Making data available also improves the speed with which we can do research. If someone else has already gathered the data we need (perhaps for a different end use), we can move directly to the analysis stage of our work, saving both time and money.
And saving money increases the efficiency of research. We hope that the money saved lets us do more research, but even if it doesn’t society as a whole will gain. There’s evidence behind this that I’ll come to later, but it is an effective counter to those in some universities who feel that increasing funder requirements for data management simply leads to additional costs with no gain. There is a gain in all these areas, and hence every one of the actors – researchers, their employers, their funders, and society, should be motivated to make this happen.
An interesting trend to emerge is who is addressing RDM within the unis.
The library is leading in most cases and is involved regardless of who’s championing the cause.
Research offices are often the lead partner – seemingly for strategic reasons of senior buy-in and financial commitment.

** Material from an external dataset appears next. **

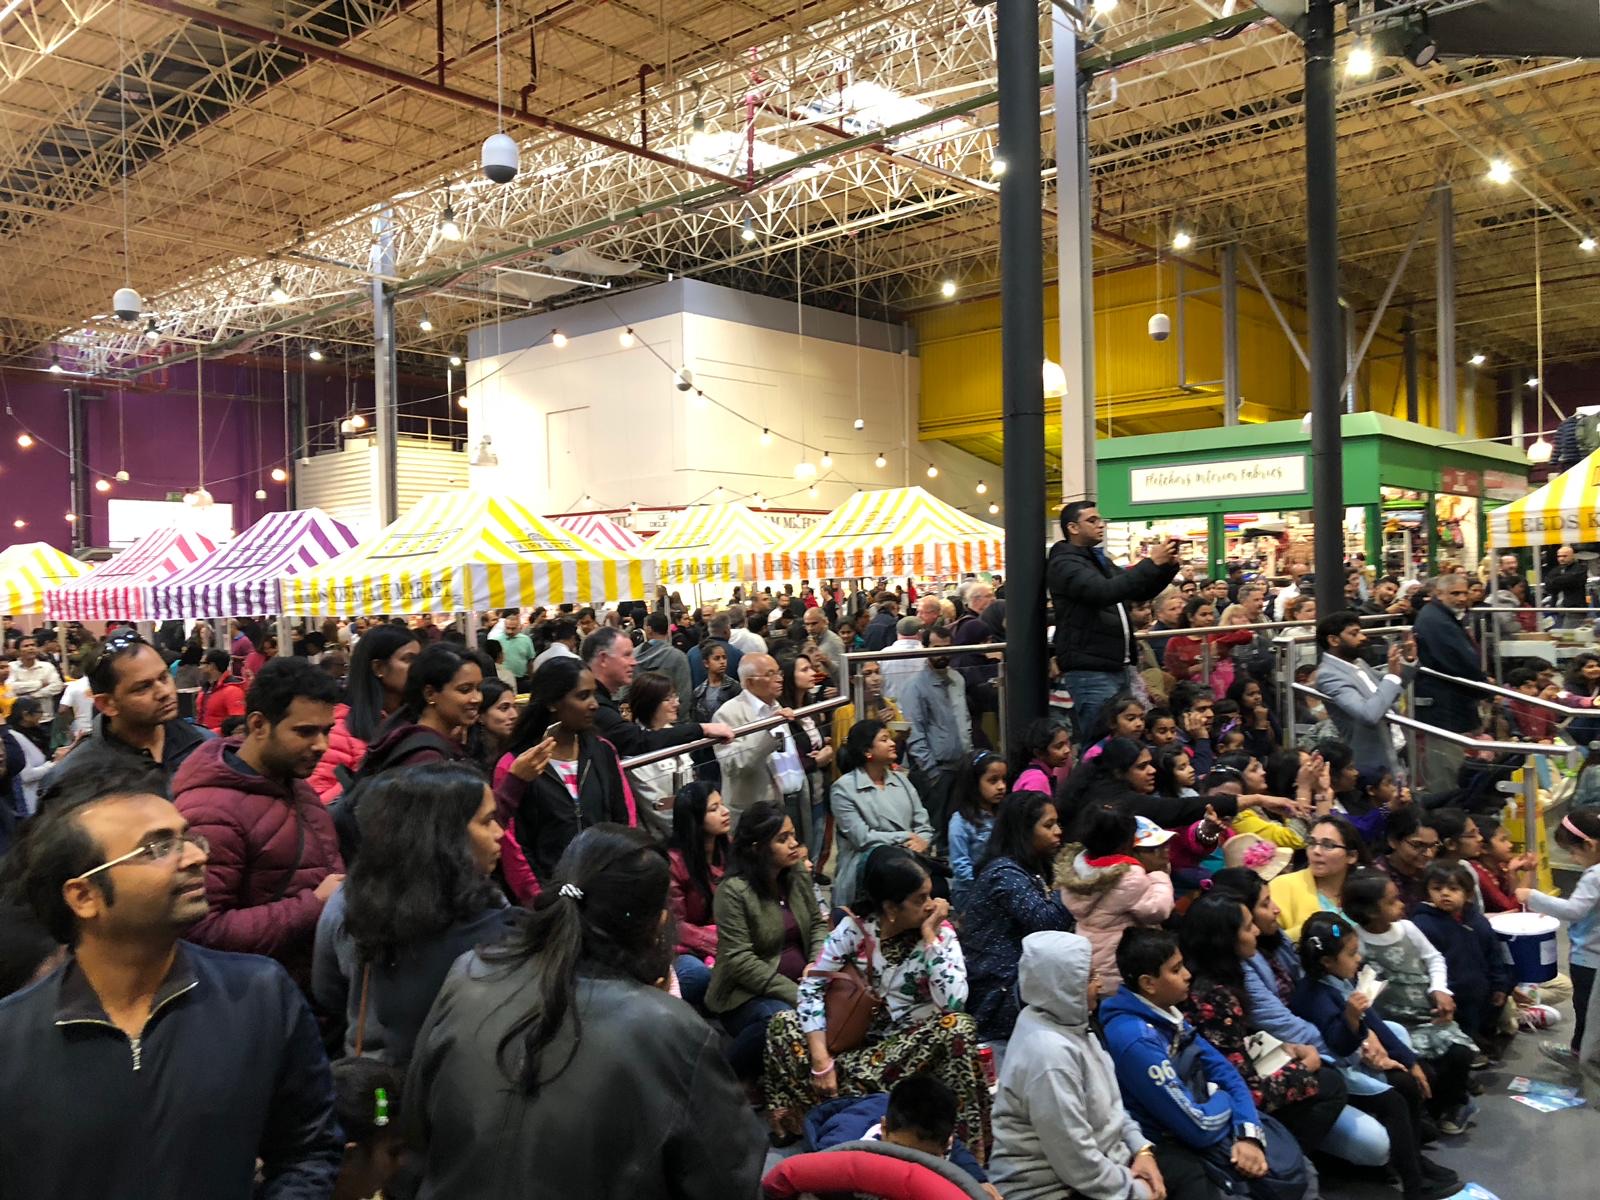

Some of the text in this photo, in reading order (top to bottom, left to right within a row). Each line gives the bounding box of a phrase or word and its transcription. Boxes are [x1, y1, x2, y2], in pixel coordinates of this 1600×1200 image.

[1507, 514, 1579, 534] LEEDS
[868, 552, 924, 568] MARKET
[1147, 1059, 1178, 1086] 96

IT are only leading in 2 out of the 20 cases and are disengaged / absent in a few others.
2014-07-10
Yet some researchers still aren’t convinced by the rhetoric. Carly Strasser at CDL has listed some of the reasons for not sharing data that she’s encountered – and here are some of my one-line responses. I’m not saying that the concerns aren’t sincere or reasonable but they can all be dealt with and some are positively misguided. The purpose of data centres, for instance, is to make data independently reusable (as stated in the OAIS standard) which relieves researchers of the burden of dealing with questions about it, at the same time as increasing the likelihood that their data will be cited.
Did I mention that making data available increases citations? This is a win all round. If you don’t believe me, here are three studies from three different areas that all show robust, positive correlations. The effect size varies with discipline, but we have enough evidence now that anyone who says that their area is different needs to come up with evidence to show why.